___ Data to process

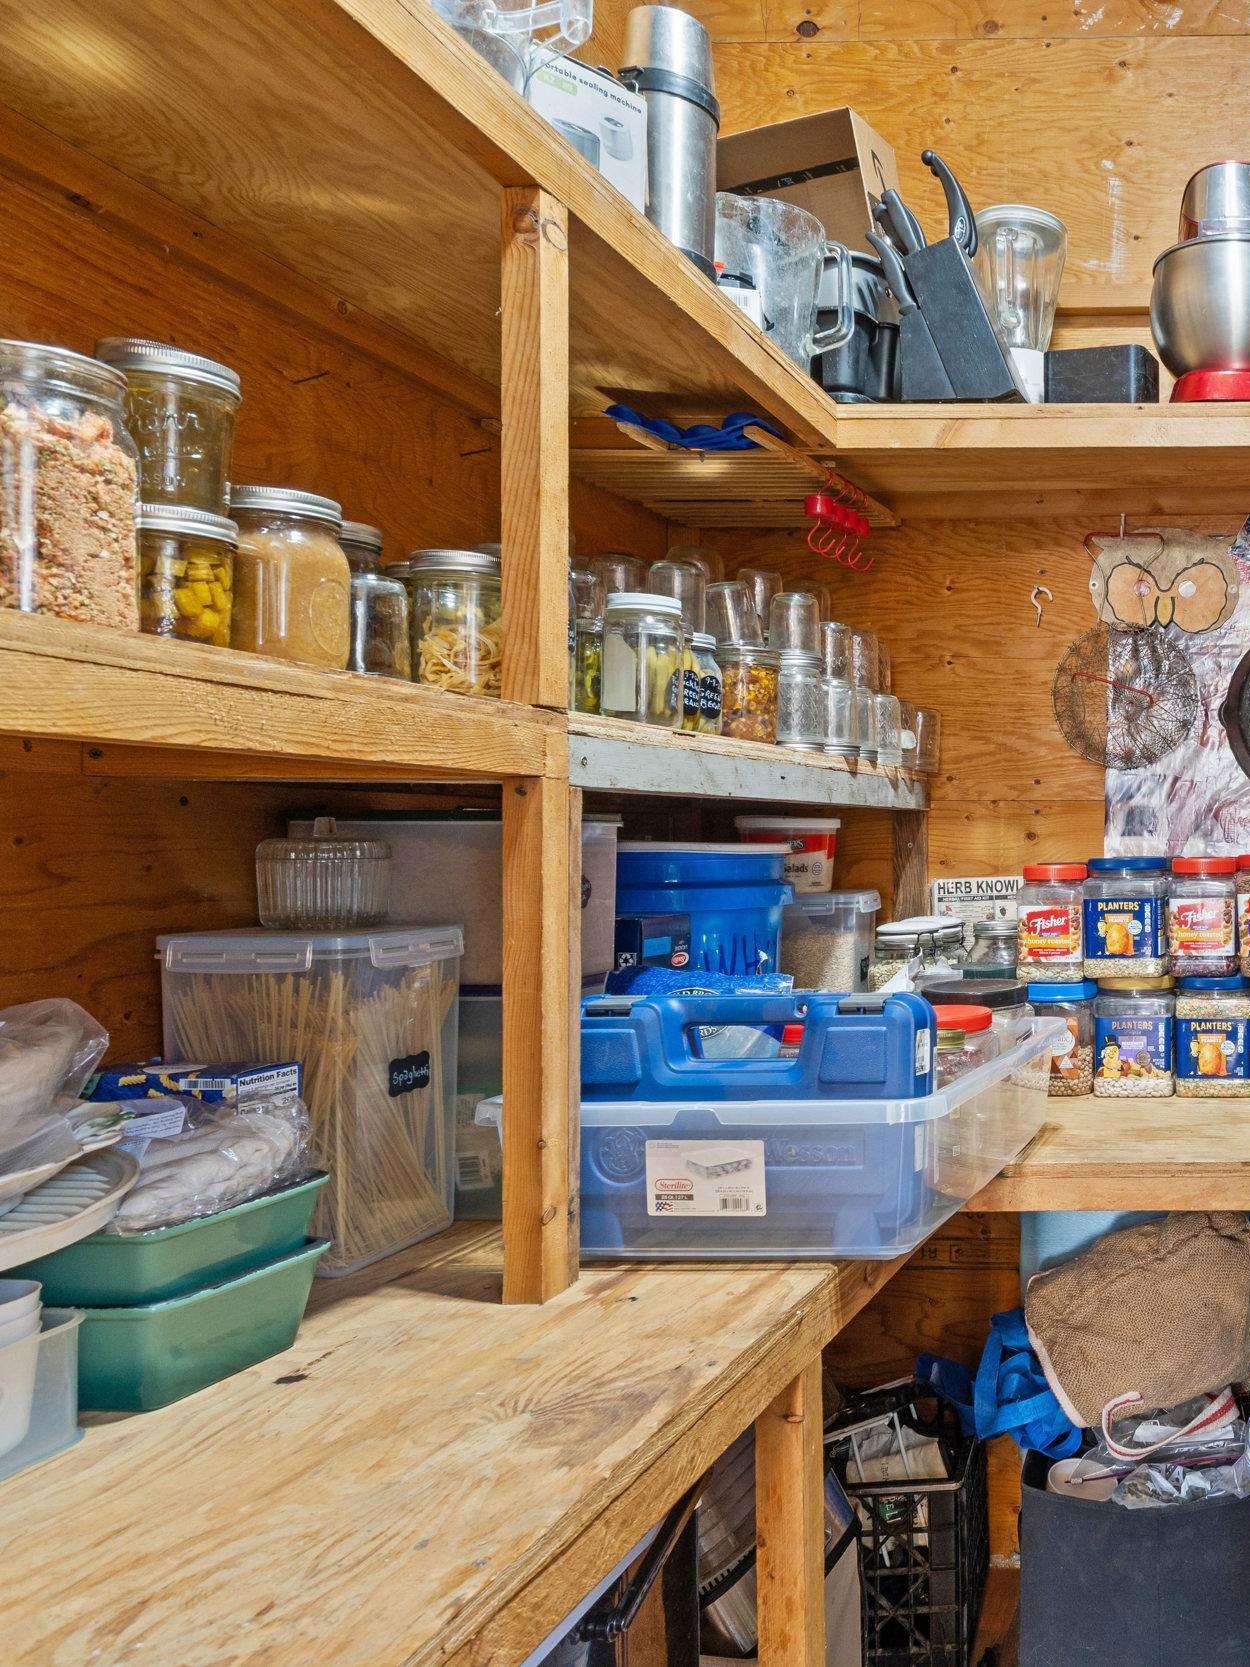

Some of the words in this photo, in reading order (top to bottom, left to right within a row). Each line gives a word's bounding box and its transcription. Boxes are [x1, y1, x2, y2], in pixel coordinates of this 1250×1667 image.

[544, 63, 577, 80] ortable
[579, 78, 608, 97] sealing
[610, 92, 642, 114] machine
[937, 881, 972, 894] HERB
[1098, 901, 1140, 911] PLANTERS
[1181, 908, 1217, 928] Fisher
[1030, 916, 1068, 935] Fisher
[1178, 931, 1198, 940] honey
[1199, 930, 1225, 938] roasted
[1024, 937, 1046, 946] honey
[1047, 936, 1072, 945] roasted
[1112, 1021, 1153, 1030] PLANTERS
[1191, 1021, 1232, 1031] PLANTERS
[240, 1073, 275, 1087] Nutrition
[277, 1068, 298, 1080] Facts
[392, 1063, 430, 1085] Spaghetti
[659, 1181, 689, 1190] Sterilite
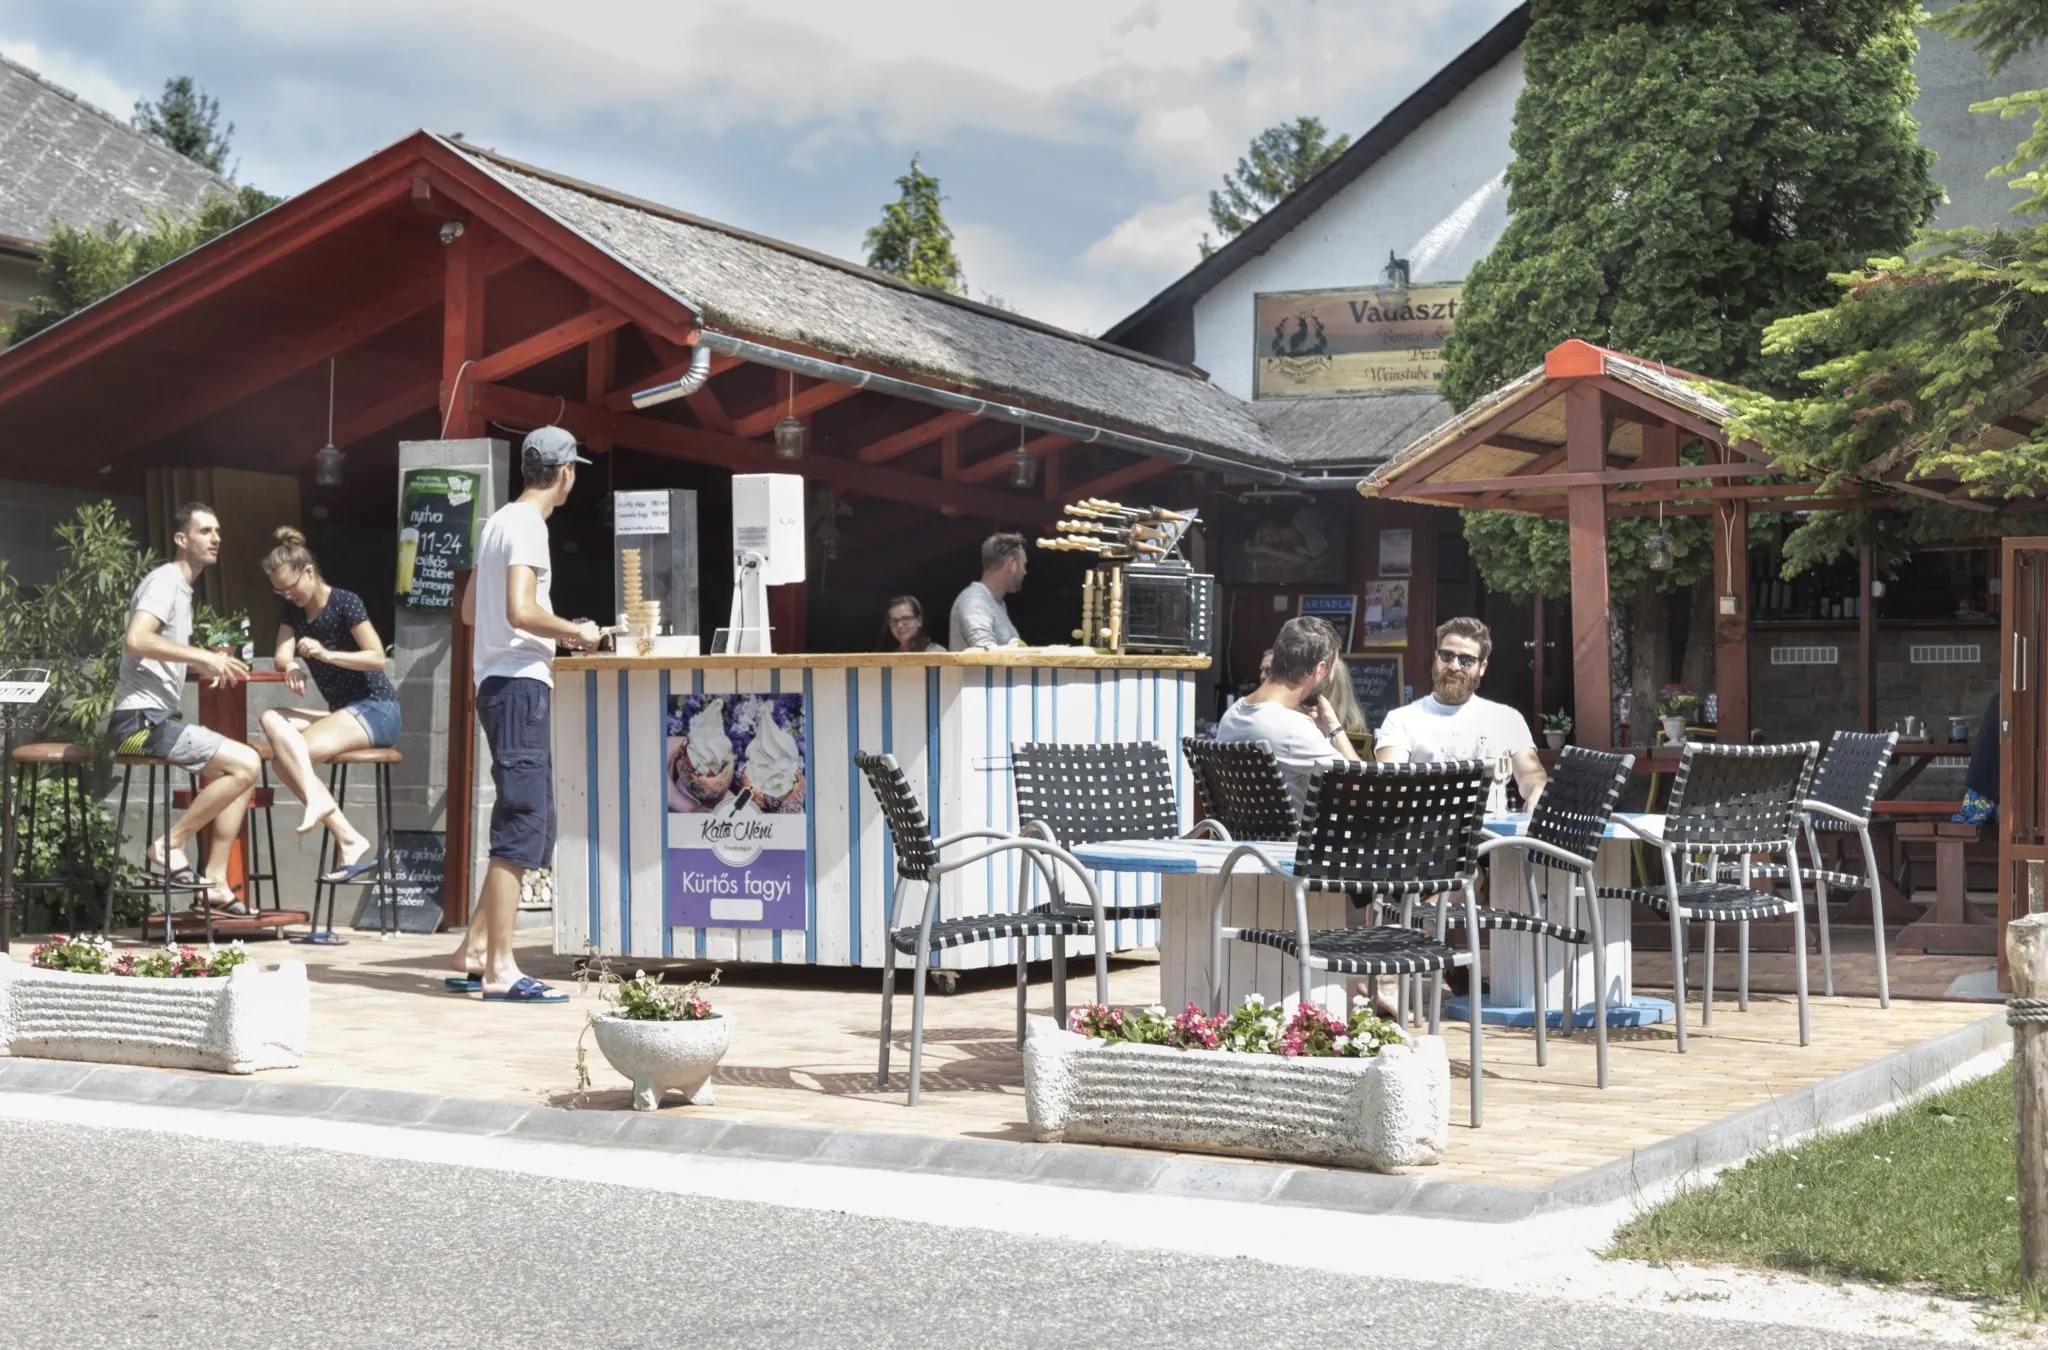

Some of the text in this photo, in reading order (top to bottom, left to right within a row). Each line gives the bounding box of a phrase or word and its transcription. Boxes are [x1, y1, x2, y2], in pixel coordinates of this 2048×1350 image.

[1348, 297, 1458, 324] Vadászt
[1408, 346, 1437, 362] Pizz
[1365, 364, 1430, 382] Weinstube
[410, 504, 443, 528] nyitva
[421, 531, 462, 554] 11-24
[422, 566, 454, 579] bableve
[734, 821, 774, 842] Néni
[683, 870, 791, 902] Kürtős fagyi
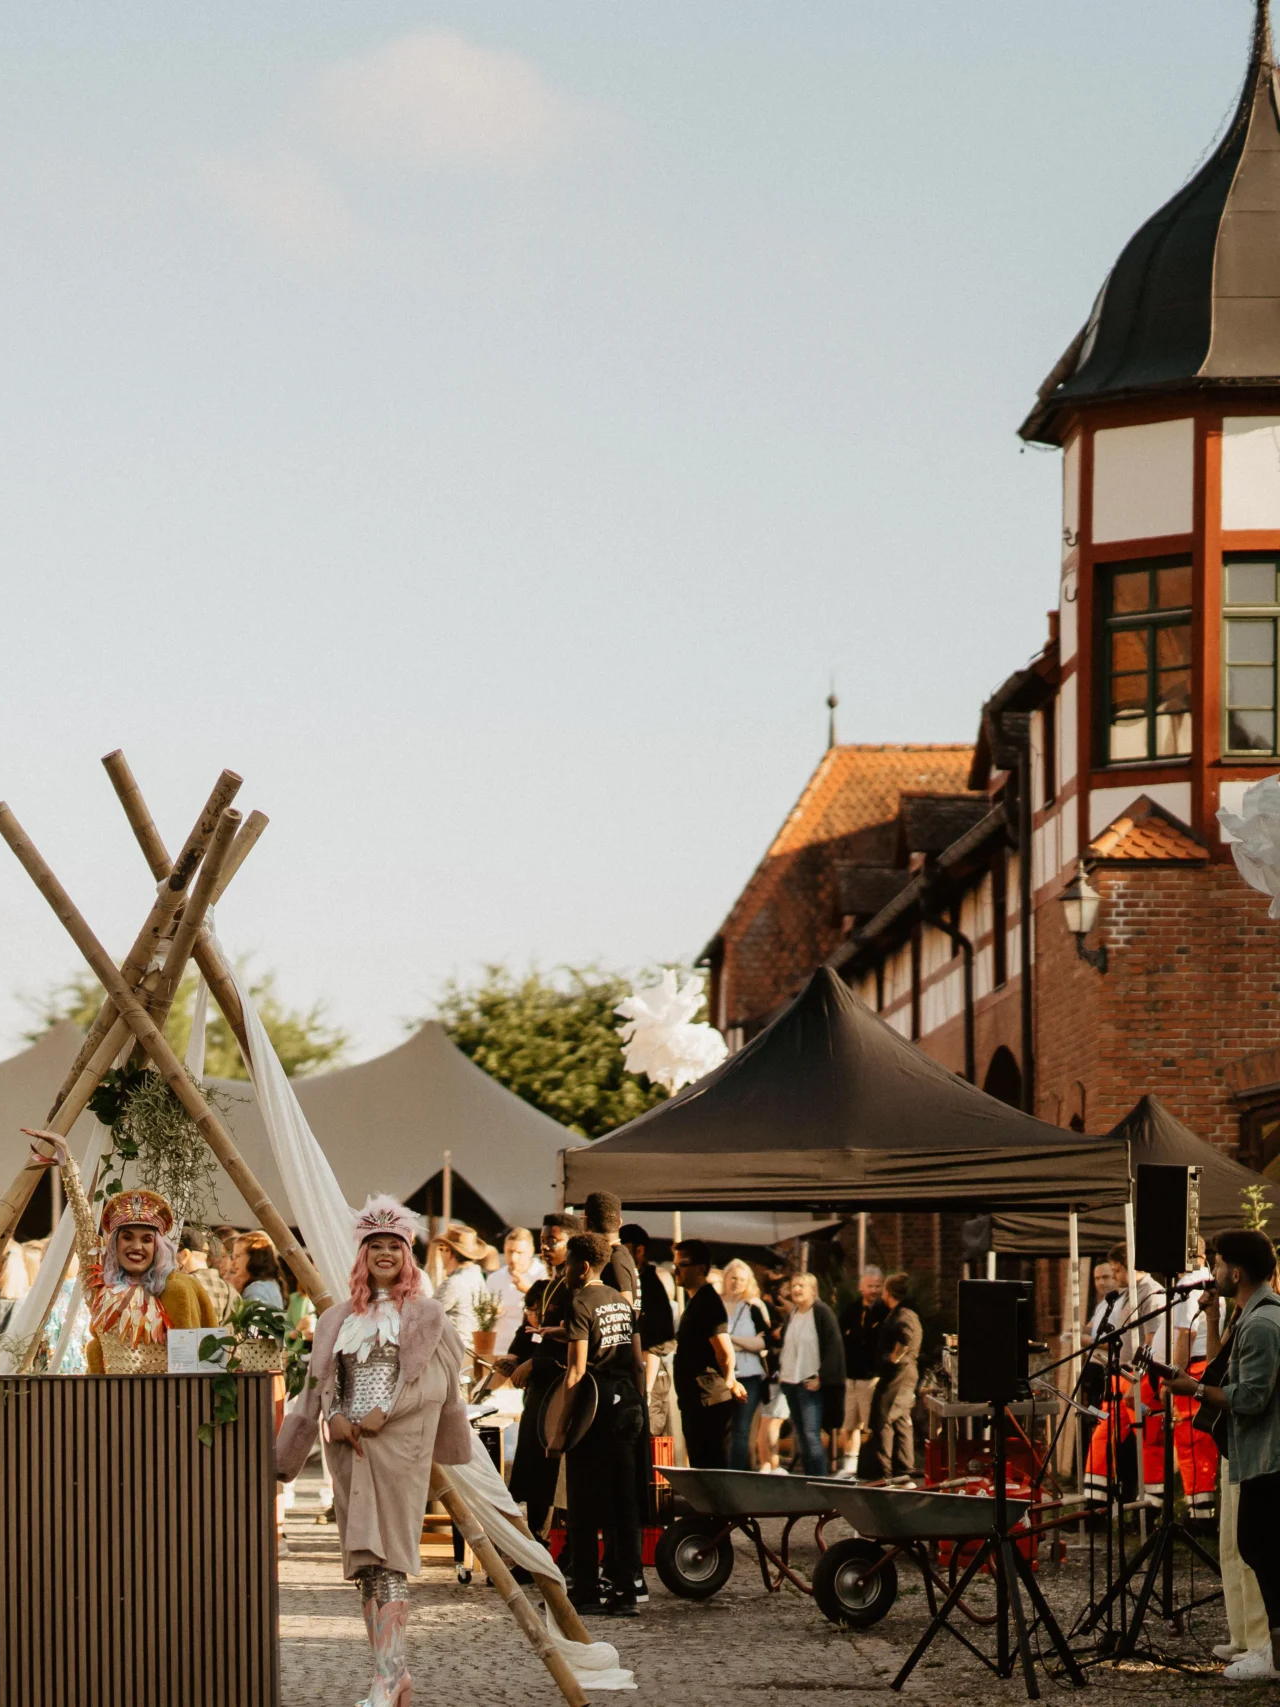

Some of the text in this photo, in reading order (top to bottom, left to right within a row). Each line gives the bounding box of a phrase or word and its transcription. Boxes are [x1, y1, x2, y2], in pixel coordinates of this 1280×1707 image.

[599, 1313, 631, 1326] A CERING
[600, 1325, 611, 1335] WE
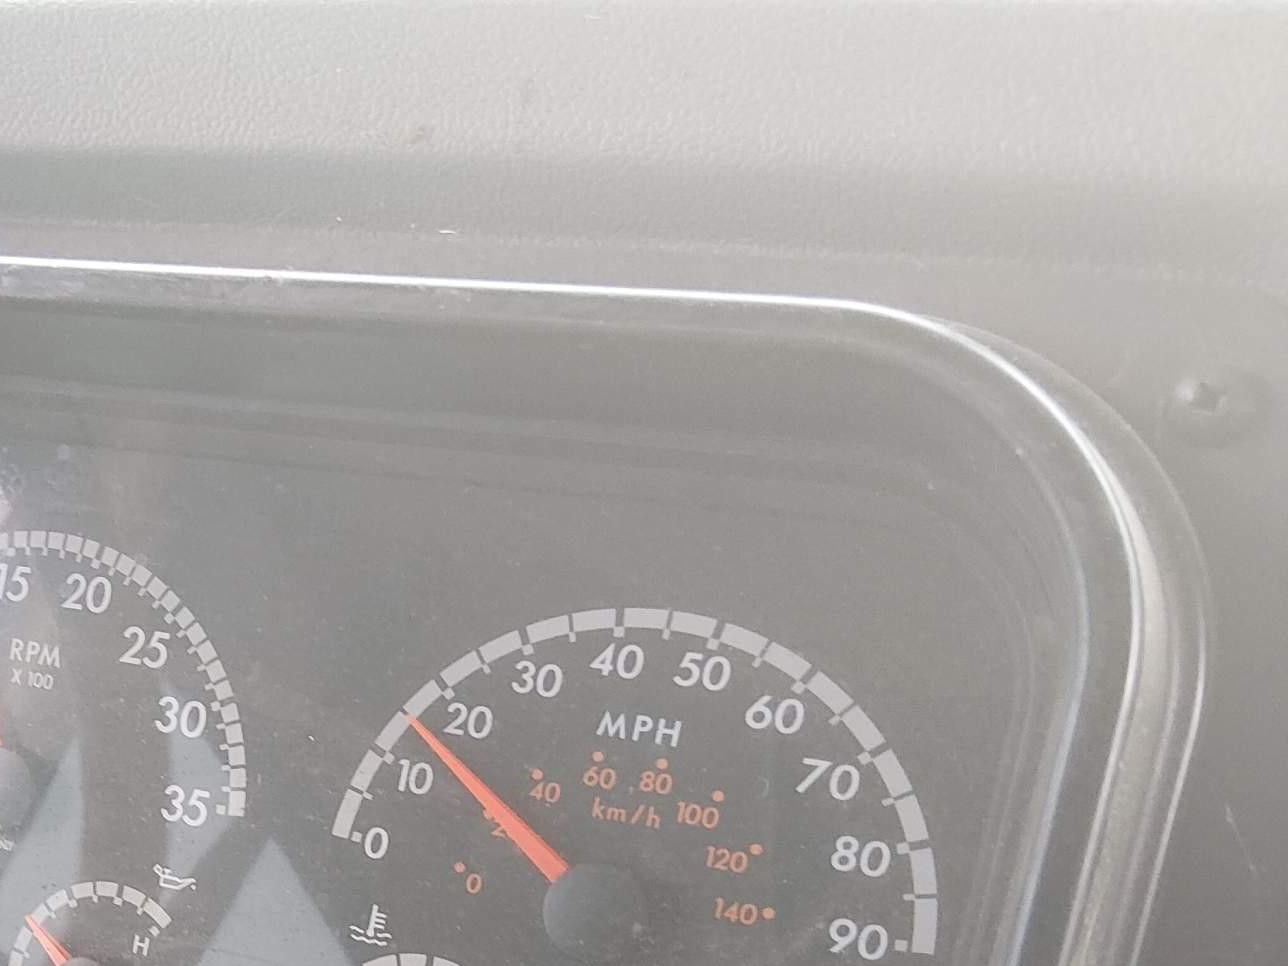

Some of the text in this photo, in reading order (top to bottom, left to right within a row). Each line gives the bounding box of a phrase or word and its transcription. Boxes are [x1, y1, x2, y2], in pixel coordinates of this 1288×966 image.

[61, 573, 112, 614] 20
[10, 638, 61, 669] RPM
[119, 626, 171, 669] 25
[589, 643, 644, 681] 40
[26, 671, 54, 691] 100
[512, 661, 563, 699] 30
[673, 652, 731, 692] 50
[154, 696, 207, 738] 30
[443, 702, 494, 740] 20
[596, 710, 682, 747] MPH
[744, 694, 806, 736] 60
[397, 758, 434, 795] 10
[528, 782, 561, 803] 40
[583, 767, 617, 790] 60
[640, 771, 673, 795] 80
[795, 757, 861, 801] 70
[160, 785, 210, 827] 35
[592, 797, 661, 829] km/h
[676, 801, 719, 829] 100
[363, 826, 389, 860] 0
[705, 846, 748, 874] 120
[830, 836, 890, 878] 80
[465, 873, 483, 894] 0
[714, 897, 758, 925] 140
[132, 935, 150, 957] H
[828, 918, 889, 962] 90

______

» **Work item**: Copy out the entries verbatim, but skip every picture.

» **Result of this task**:
Some of the words in this photo, in reading order (top to bottom, left to right within a row). Each line gives a word's bounding box and its transcription. Boxes are [x1, y1, x2, y2], in pixel coordinates of this 1250×1667 image.

[544, 63, 577, 80] ortable
[579, 78, 608, 97] sealing
[610, 92, 642, 114] machine
[937, 881, 972, 894] HERB
[1098, 901, 1140, 911] PLANTERS
[1181, 908, 1217, 928] Fisher
[1030, 916, 1068, 935] Fisher
[1178, 931, 1198, 940] honey
[1199, 930, 1225, 938] roasted
[1024, 937, 1046, 946] honey
[1047, 936, 1072, 945] roasted
[1112, 1021, 1153, 1030] PLANTERS
[1191, 1021, 1232, 1031] PLANTERS
[240, 1073, 275, 1087] Nutrition
[277, 1068, 298, 1080] Facts
[392, 1063, 430, 1085] Spaghetti
[659, 1181, 689, 1190] Sterilite

Some of the text in this photo, in reading order (top to bottom, left to right within a row). Each line gives the bounding box of a phrase or word and its transcription. Boxes are [x1, y1, x2, y2], in pixel coordinates of this 2048×1350 image.

[1348, 297, 1458, 324] Vadászt
[1408, 346, 1437, 362] Pizz
[1365, 364, 1430, 382] Weinstube
[410, 504, 443, 528] nyitva
[421, 531, 462, 554] 11-24
[422, 566, 454, 579] bableve
[734, 821, 774, 842] Néni
[683, 870, 791, 902] Kürtős fagyi

Some of the text in this photo, in reading order (top to bottom, left to right within a row). Each line gives the bounding box of a phrase or word and its transcription. Boxes are [x1, y1, x2, y2], in pixel coordinates of this 1280×1707 image.

[599, 1313, 631, 1326] A CERING
[600, 1325, 611, 1335] WE

Some of the text in this photo, in reading order (top to bottom, left to right within a row). Each line gives the bounding box of a phrase or word and its transcription. Boxes are [x1, y1, x2, y2], in pixel coordinates of this 1288×966 image.

[61, 573, 112, 614] 20
[10, 638, 61, 669] RPM
[119, 626, 171, 669] 25
[589, 643, 644, 681] 40
[26, 671, 54, 691] 100
[512, 661, 563, 699] 30
[673, 652, 731, 692] 50
[154, 696, 207, 738] 30
[443, 702, 494, 740] 20
[596, 710, 682, 747] MPH
[744, 694, 806, 736] 60
[397, 758, 434, 795] 10
[528, 782, 561, 803] 40
[583, 767, 617, 790] 60
[640, 771, 673, 795] 80
[795, 757, 861, 801] 70
[160, 785, 210, 827] 35
[592, 797, 661, 829] km/h
[676, 801, 719, 829] 100
[363, 826, 389, 860] 0
[705, 846, 748, 874] 120
[830, 836, 890, 878] 80
[465, 873, 483, 894] 0
[714, 897, 758, 925] 140
[132, 935, 150, 957] H
[828, 918, 889, 962] 90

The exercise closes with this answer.